My Own Dear Brother: A Novel

  • By Holly Müller
  • Bloomsbury USA
  • 464 pp.
  • Reviewed by Mariko Hewer
  • October 31, 2016

A young girl takes on Nazi-occupied Austria while searching for an imprisoned friend.

My Own Dear Brother: A Novel

Sometimes a tragedy is so great we have to break it down into pieces to understand it.

And sometimes one of those pieces seems so much more horrific, more graphic, more shameful than the others that it gets thrown into the spotlight while smaller tragedies, embedded as they are in the greater whole, are overlooked.

My Own Dear Brother, a novel about a young girl growing up in Nazi-occupied Austria, breaks apart the tragedy of the Holocaust to examine Aktion T4, Hitler’s program of forced euthanasia, as well as the difficulties experienced by citizens of occupied countries after World War II ended.

Ursula Hildesheim lives in a rural community where village status traditionally meant more than Nazi Party membership and where the war goes largely unnoticed beyond rationing and occasional glimpses of the Russian prisoners in the camp near the center of town.

At 13, Ursula is a shabby outsider, living on the outskirts of town and running wild — lying, stealing, and generally caring for no one but herself and her adored brother, Anton (although sharp-eyed readers might notice that Ursula’s mental view of her brother’s love — “brothers love sisters with hot fury, try to rule them, to keep them” — is not necessarily a healthy one).

One night, however, the local Nazi Party inspector knocks on Ursula’s mother’s door with word that Russian prisoners have escaped. Anton kills one of them, and Ursula’s world is forever upended.

As the Hitler Youth celebrate Anton for his bravery, Ursula’s widowed mother begins an affair with a married man, and Ursula feels both her brother and her mother being pulled away from the previously tight-knit family unit. Anton’s embarrassment with their mother’s behavior unleashes in him a casual cruelty and short temper that Ursula has never seen — or at least been willing to see — before.

When the Hildesheim children visit a nearby frozen stream with Schosi, a mentally challenged boy from the next farm over, Anton throws a kitten into a hole to watch it drown, to the horror of Schosi and Ursula: “She thought of Anton’s face as he’d turned from the hole, his eyes narrower than usual, a small hard smile on his lips…‘You’re not supposed to enjoy it,’” she tells him.
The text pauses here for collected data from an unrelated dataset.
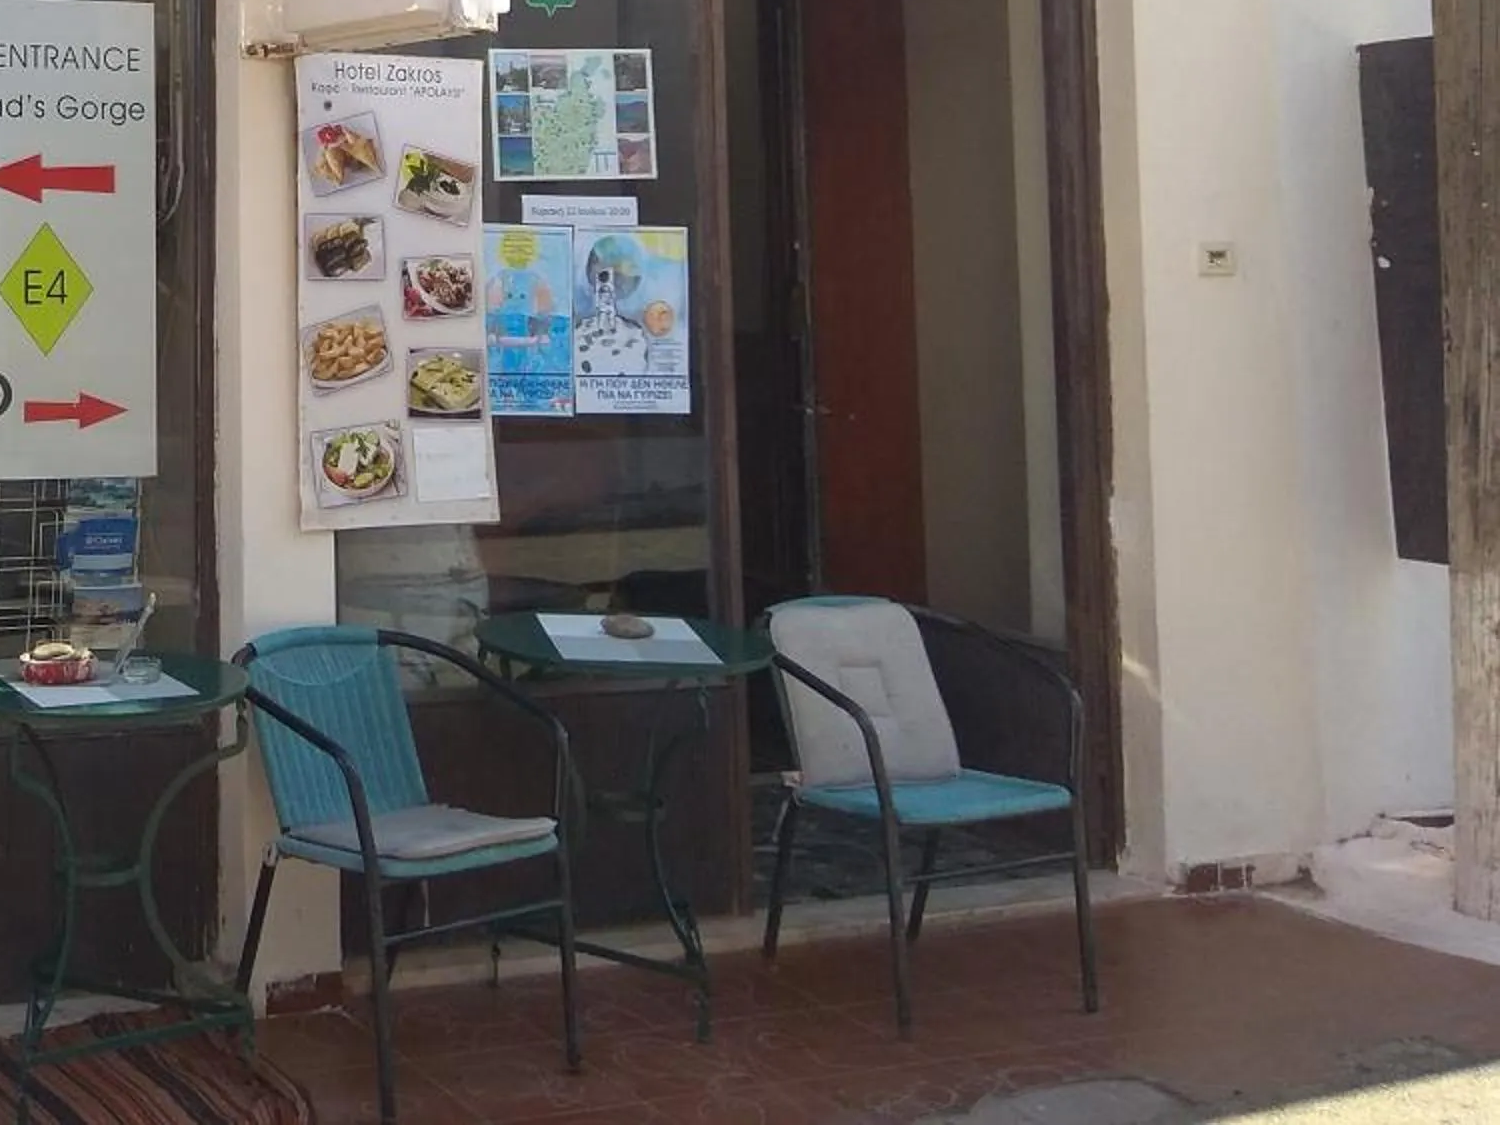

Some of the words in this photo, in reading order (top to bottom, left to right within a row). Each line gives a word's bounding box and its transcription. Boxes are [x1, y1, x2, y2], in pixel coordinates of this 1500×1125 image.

[334, 60, 381, 81] Hotel
[387, 63, 442, 83] Zakros
[57, 95, 146, 127] Gorge
[23, 269, 68, 305] E4
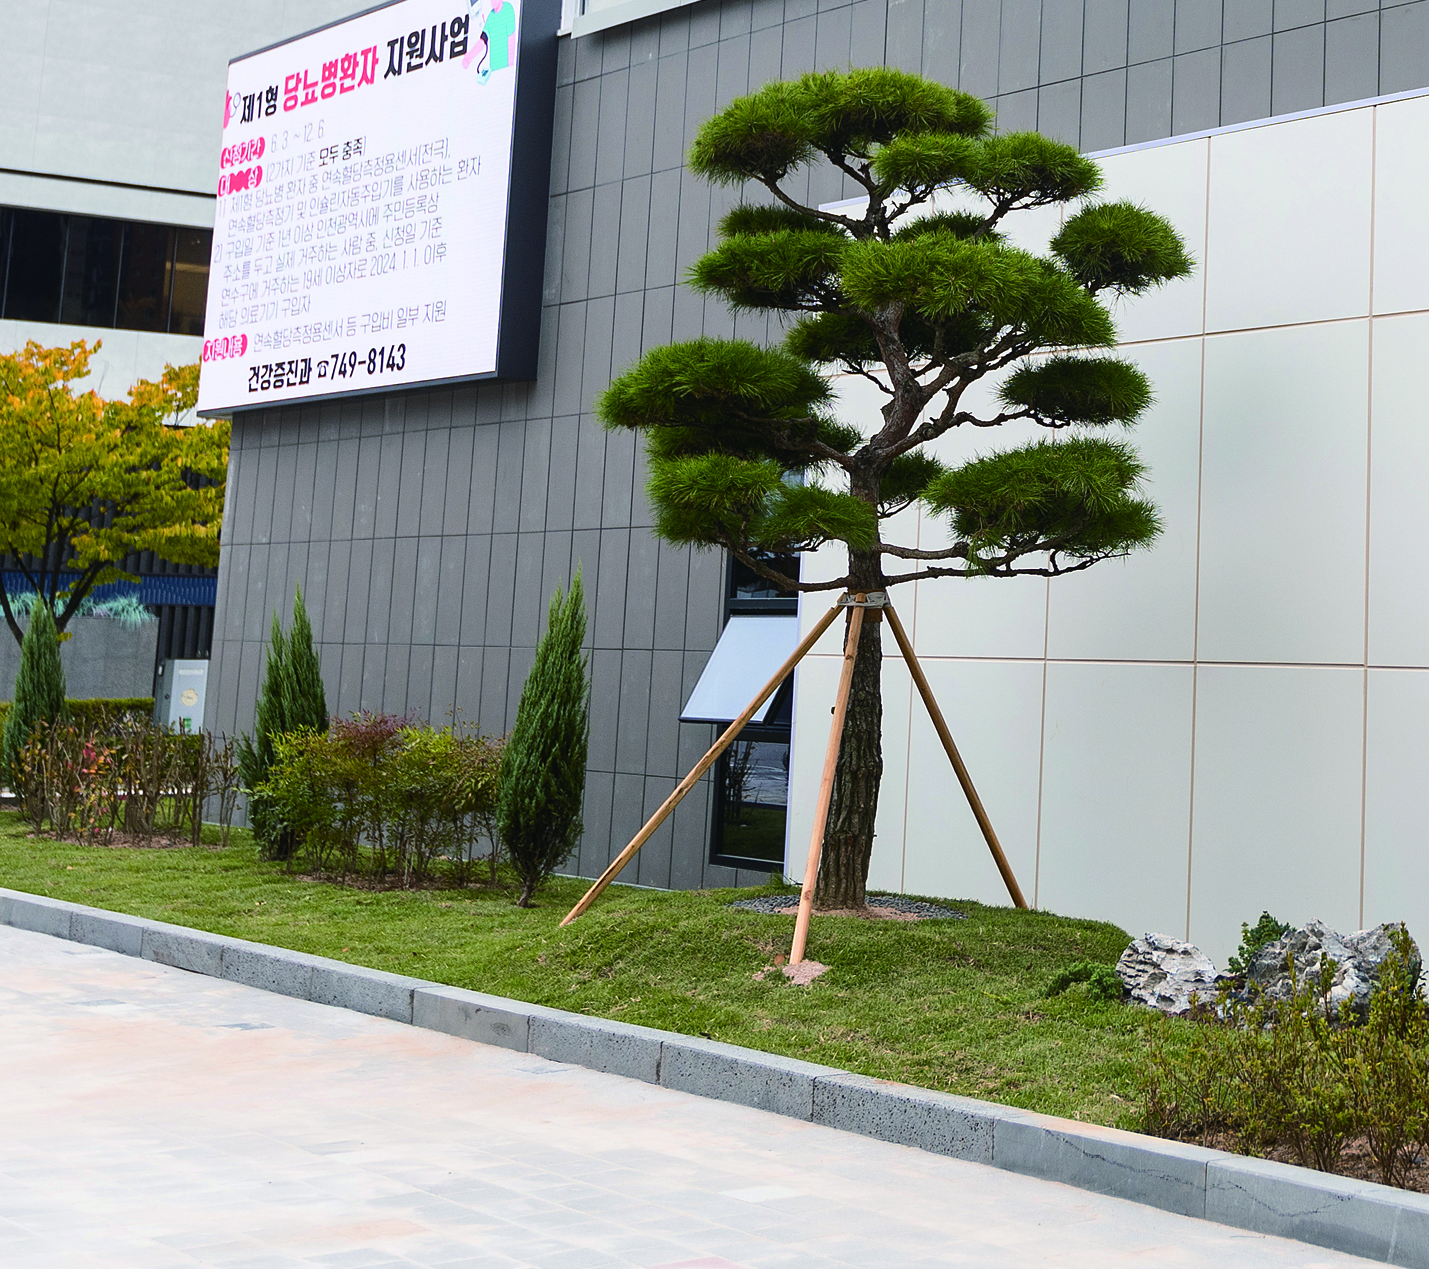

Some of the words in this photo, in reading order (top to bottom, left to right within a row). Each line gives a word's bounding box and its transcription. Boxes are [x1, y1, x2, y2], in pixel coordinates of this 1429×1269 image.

[240, 85, 278, 124] 제1형
[283, 45, 379, 112] 당뇨병환자
[384, 14, 470, 79] 지원사업
[298, 151, 315, 171] 기준
[319, 144, 338, 167] 모두
[229, 204, 294, 238] 연속혈당측정기
[297, 201, 307, 219] 및
[310, 175, 403, 217] 인슐린자동주입기를
[407, 164, 452, 191] 사용하는
[457, 155, 481, 180] 환자
[256, 185, 283, 208] 당뇨병
[287, 178, 305, 200] 환자
[309, 174, 318, 194] 중
[224, 260, 250, 283] 주소를
[254, 255, 273, 276] 두고
[276, 250, 295, 272] 실제
[298, 241, 338, 266] 거주하는
[341, 235, 362, 257] 사람
[383, 222, 416, 249] 신청일
[420, 217, 442, 240] 기준
[226, 238, 253, 259] 구입일
[257, 232, 274, 251] 기준
[279, 228, 291, 248] 1년
[294, 222, 313, 244] 이상
[317, 206, 379, 239] 인천광역시에
[383, 192, 439, 222] 주민등록상
[221, 282, 258, 307] 연수구에
[261, 274, 299, 297] 거주하는
[303, 268, 322, 290] 19세
[325, 258, 367, 285] 이상자로
[424, 241, 447, 263] 이후
[219, 309, 238, 329] 해당
[240, 301, 278, 325] 의료기기
[281, 294, 311, 318] 구입자
[253, 318, 343, 353] 연속혈당측정용센서
[346, 316, 356, 337] 등
[361, 310, 393, 334] 구입비
[397, 305, 419, 329] 일부
[422, 300, 447, 323] 지원
[248, 357, 312, 393] 건강증진과
[330, 343, 406, 380] 749-8143
Ursula hopes that this episode is an exception, but Anton’s behavior becomes ever more extreme as she befriends Schosi. Eventually, jealous of their relationship, Anton alerts the local officials to the boy’s mental deficiencies, and Schosi is exiled to a hospital in Vienna where mentally ill and “socially abnormal” children are, under the guise of being treated, killed by poisoning or starvation.
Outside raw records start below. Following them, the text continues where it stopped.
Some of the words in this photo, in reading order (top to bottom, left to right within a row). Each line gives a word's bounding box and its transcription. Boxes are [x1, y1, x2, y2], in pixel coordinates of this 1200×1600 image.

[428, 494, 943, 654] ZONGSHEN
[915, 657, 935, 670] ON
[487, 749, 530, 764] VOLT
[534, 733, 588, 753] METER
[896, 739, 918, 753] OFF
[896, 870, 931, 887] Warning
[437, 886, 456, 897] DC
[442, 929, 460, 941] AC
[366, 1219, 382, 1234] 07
Although the readers get glimpses of Schosi’s point of view before his removal, here the story splits and the reader begins to follow two narratives: the first, that of Ursula and her elderly neighbor, Herr Esterbauer, who search for Schosi; the second, that of Schosi and the horrors he endures at the hospital.

Müller’s strength as a storyteller shines as she details Schosi’s abuse in a gruesome yet not gratuitous manner. It’s difficult to read about how he is submitted to what we today might describe as waterboarding — “Breath left him in a violent stream of shock — the water was icy cold. His lungs were emptied and he opened his mouth. Cold water rushed in and he swallowed instinctively, only for more water to flood in.”

Moments of unexpected kindness, as when Schosi and a friend drape blankets over children who have been left in a cold room to freeze to death, make this story bearable as well as humanizing: These children, whom the Nazi regime sees as the dregs of society, have more compassion than their captors.

Although Ursula and Herr Esterbauer’s story is more exciting than Schosi’s, it is also more farfetched. It seems hard to believe that anyone would attempt to break into a Nazi-controlled hospital, yet this is the best strategy Ursula and the farmer can muster, and the long-term outcome seems to beggar imagination.

As part of this storyline, Müller also seems to be trying to portray an increasingly mature Ursula (one who doesn’t steal or disobey her elders and who thinks of others before herself), but scenes such as one where she kicks Herr Esterbauer to temporarily elude him and another during which she repeatedly refuses to return home despite his pleas make the reader wonder how much she has really grown.

Notwithstanding a difficult anticlimax, the novel’s ending satisfies. Ursula still feels uncertain about her future, but she feels an undercurrent of hope that did not exist before, perhaps because, during the war, she did not have much to wish for beyond survival.

In the end, My Own Dear Brother is a touching chronicle of some of the lesser-known casualties of war and of the resilience of human spirit despite those difficulties.

Mariko Hewer is a born-and-raised Washingtonian whose hobbies include reading, running, and writing. Her favorite food is saag paneer.